### Data for the task:

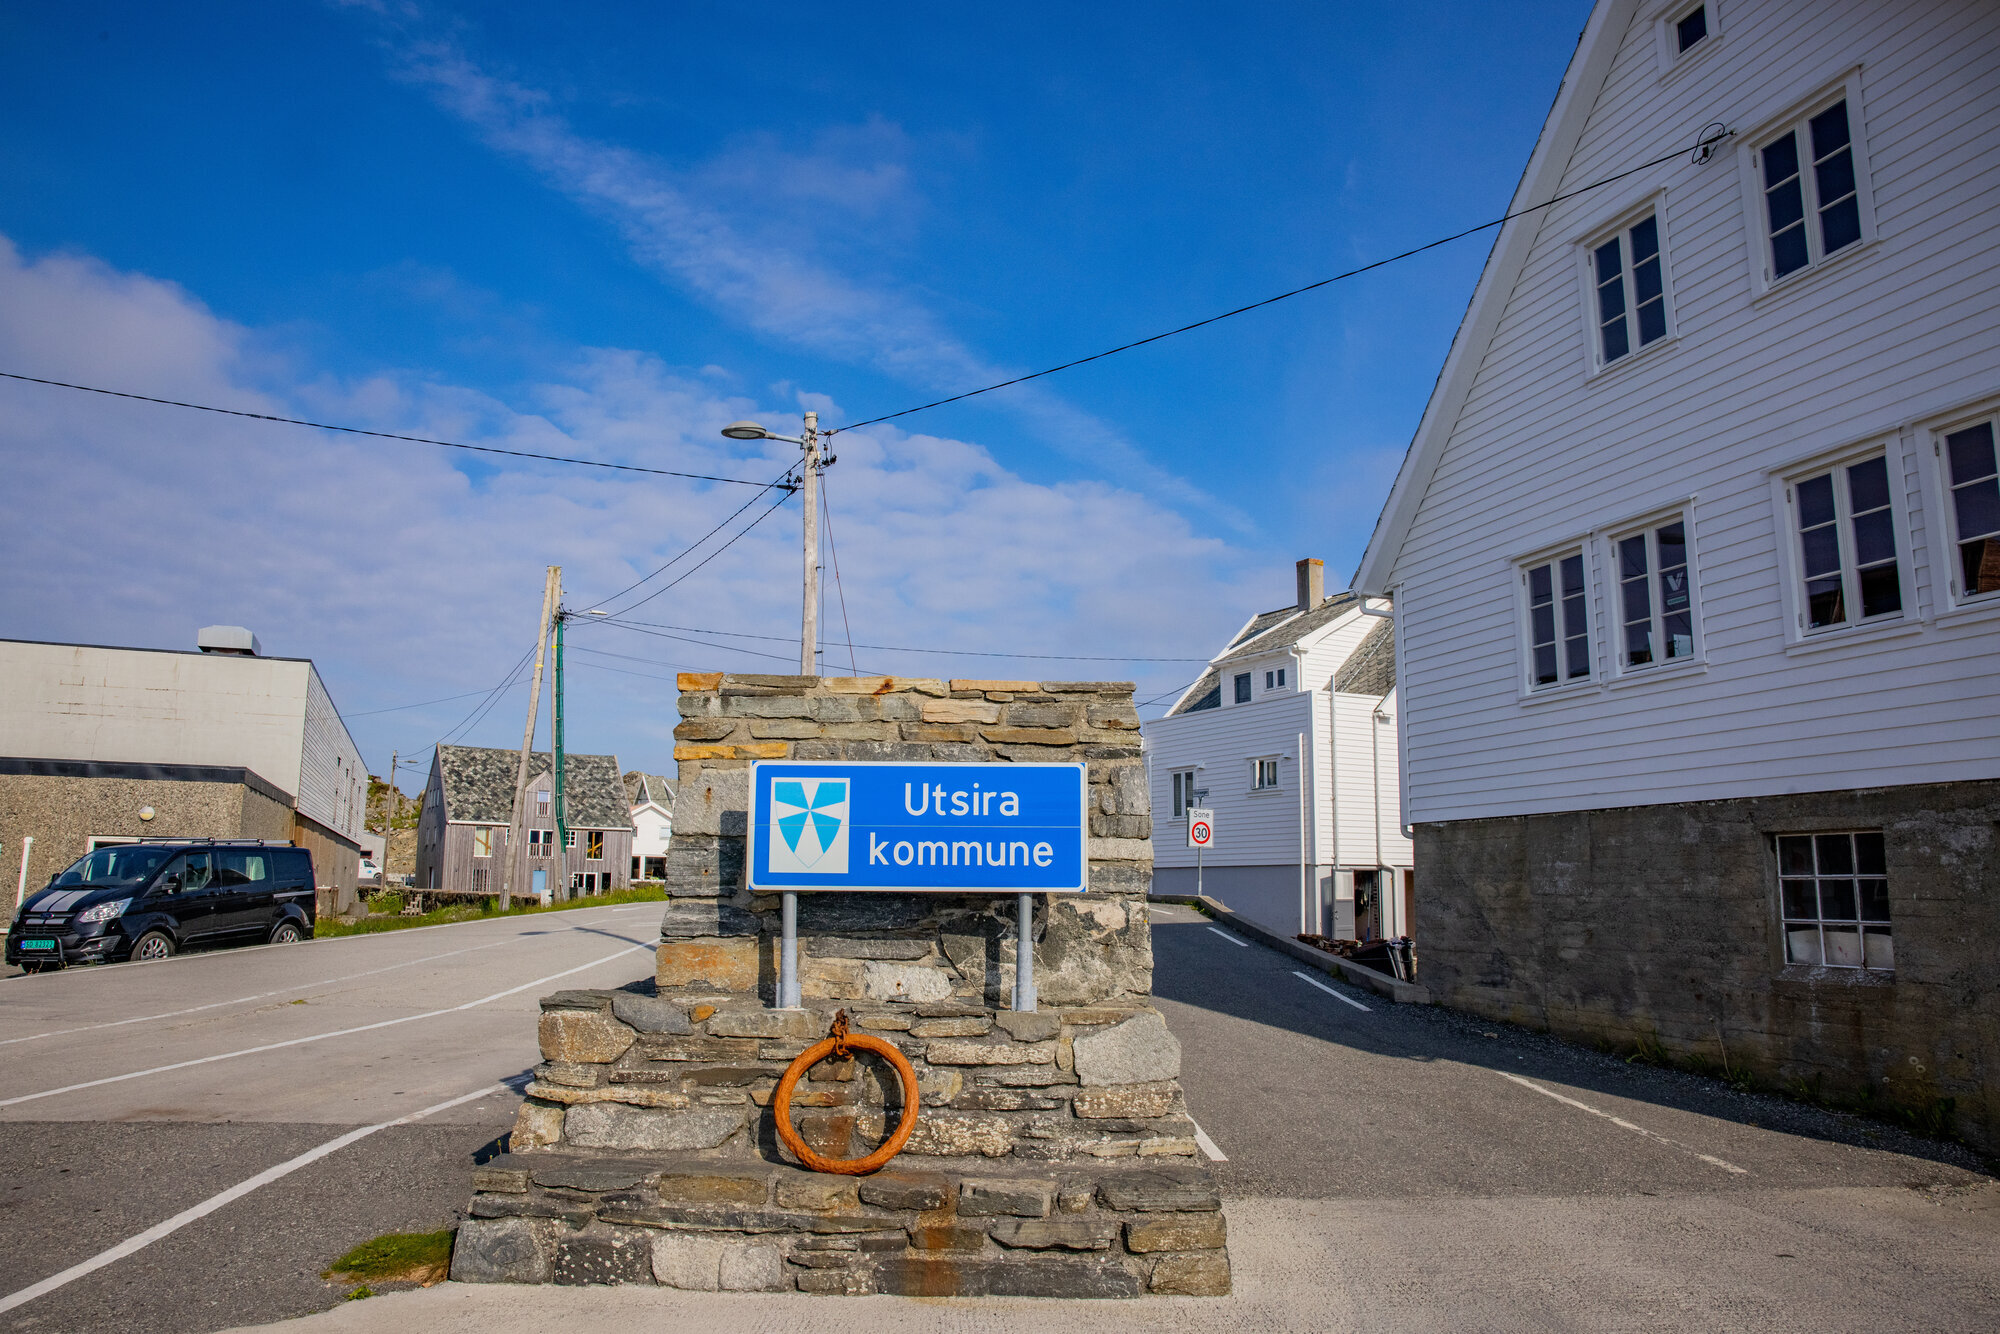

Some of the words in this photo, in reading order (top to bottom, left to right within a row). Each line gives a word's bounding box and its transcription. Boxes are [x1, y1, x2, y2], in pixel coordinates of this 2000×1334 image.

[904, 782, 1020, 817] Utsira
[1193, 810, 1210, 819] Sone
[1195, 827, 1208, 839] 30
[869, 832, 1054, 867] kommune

### Assignment:
A word-for-word copy of the entries above is what is needed, without any images.

### Exercise solution:
Some of the words in this photo, in reading order (top to bottom, left to right within a row). Each line gives a word's bounding box and its transcription. Boxes are [x1, y1, x2, y2], in pixel coordinates of this 2000×1334 image.

[904, 782, 1020, 817] Utsira
[1193, 810, 1210, 819] Sone
[1195, 827, 1208, 839] 30
[869, 832, 1054, 867] kommune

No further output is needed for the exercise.